What are the respective challenges and benefits associated with the various interventions?
Method
General Approach
Since the theoretical and empirical work on this topic is very limited and lacks methodological uniformity, we had to drop our initial idea of performing a systematic literature review on the effect of teaching CT and/or programming skills to students with ASD and/or ADHD.
In addressing the research questions we thus oriented ourselves towards scoping studies (Arksey & O’Malley, 2005; Levac et al., 2010) and scoping reviews (Munn et al., 2018; Peters et al., 2015). According to Arksey and O’Malley (2005), “the scoping study method is guided by a requirement to identify all relevant literature regardless of study design” (p. 22). Instead of providing a clear answer to a distinct question, as in a systematic review, the scoping review allows for a broader approach to the topic at hand (Munn et al., 2018; Sucharew & Macaluso, 2019).
Several guiding frameworks are now available describing how scoping studies and scoping reviews may be conducted (e.g., Arksey & O’Malley, 2005; Levac et al., 2010; Peters et al., 2015). We roughly followed the approach proposed by Arksey and O’Malley (2005) whereby scoping studies are conducted in five (often iteratively rotating) stages: Stage 1: identifying research question(s), Stage 2: identifying relevant studies, Stage 3: study selection, Stage 4: charting, Stage 5: collating, summarizing, reporting.

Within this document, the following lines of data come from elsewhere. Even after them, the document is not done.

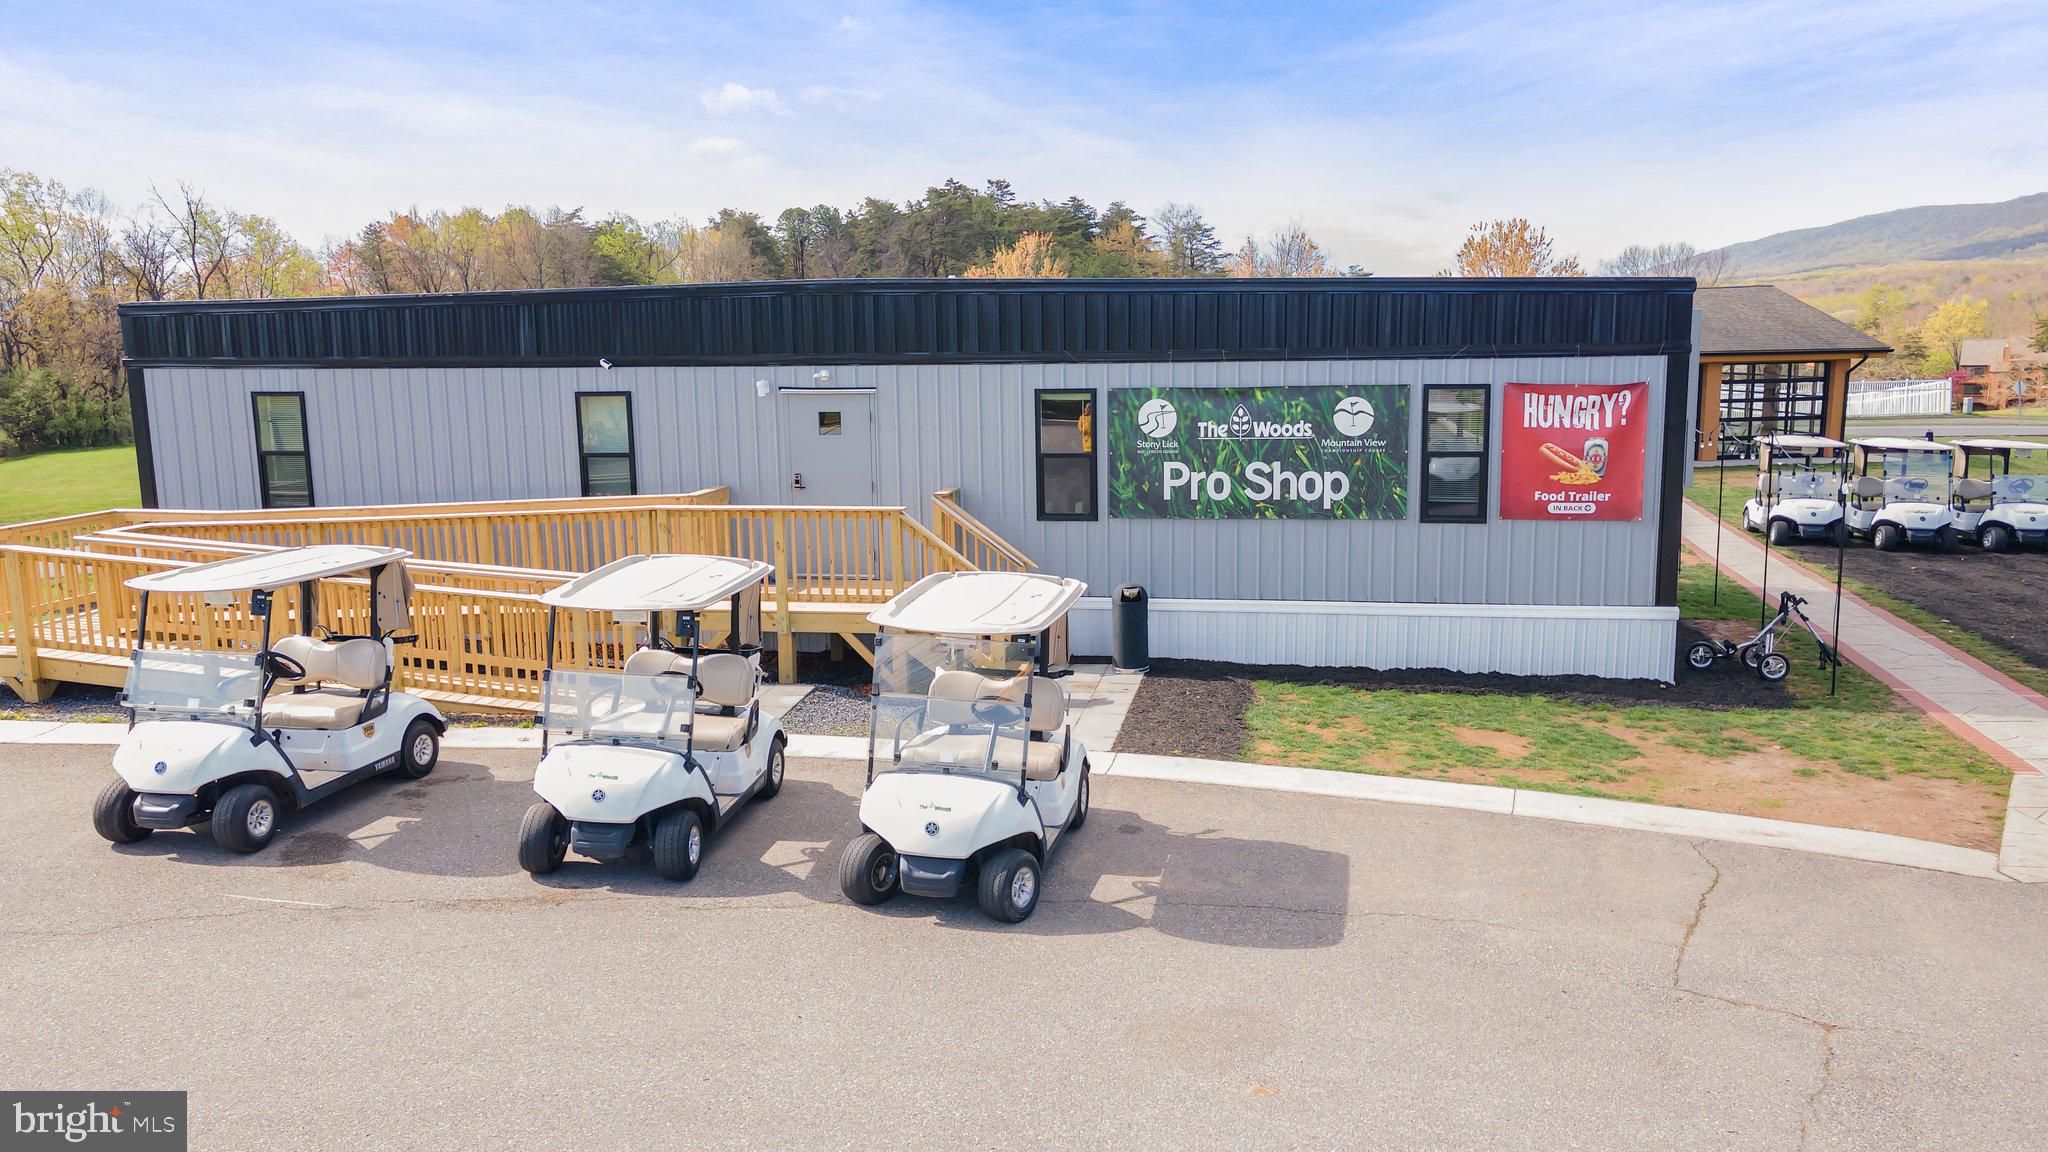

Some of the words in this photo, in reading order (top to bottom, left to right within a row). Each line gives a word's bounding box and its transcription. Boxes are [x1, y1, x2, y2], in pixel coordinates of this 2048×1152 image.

[1523, 390, 1632, 431] HUNGRY?
[1197, 421, 1228, 438] The
[1252, 420, 1313, 438] Woods
[1136, 440, 1161, 450] Stony
[1162, 440, 1179, 448] Lick
[1321, 438, 1362, 447] Mountain
[1363, 438, 1387, 447] View
[1163, 461, 1232, 501] Pro
[1244, 460, 1350, 510] Shop
[1534, 490, 1566, 502] Food
[1568, 490, 1611, 502] Trailer
[374, 756, 396, 771] YAMAHA

Literature Research Process
Search Terms
Although CT is an overarching category and programming represents just one way of promoting and revealing CT-related skills (Grover & Pea, 2013; Lockwood & Mooney, 2018), we use both terms interchangeably and thus speak of programming skills and/or CT. Furthermore, we use the terms coding and programming synonymously when talking about solving computational problems, even though coding is considered a sub-task of programming (Sun et al., 2021a, b; Zhang & Nouri, 2019).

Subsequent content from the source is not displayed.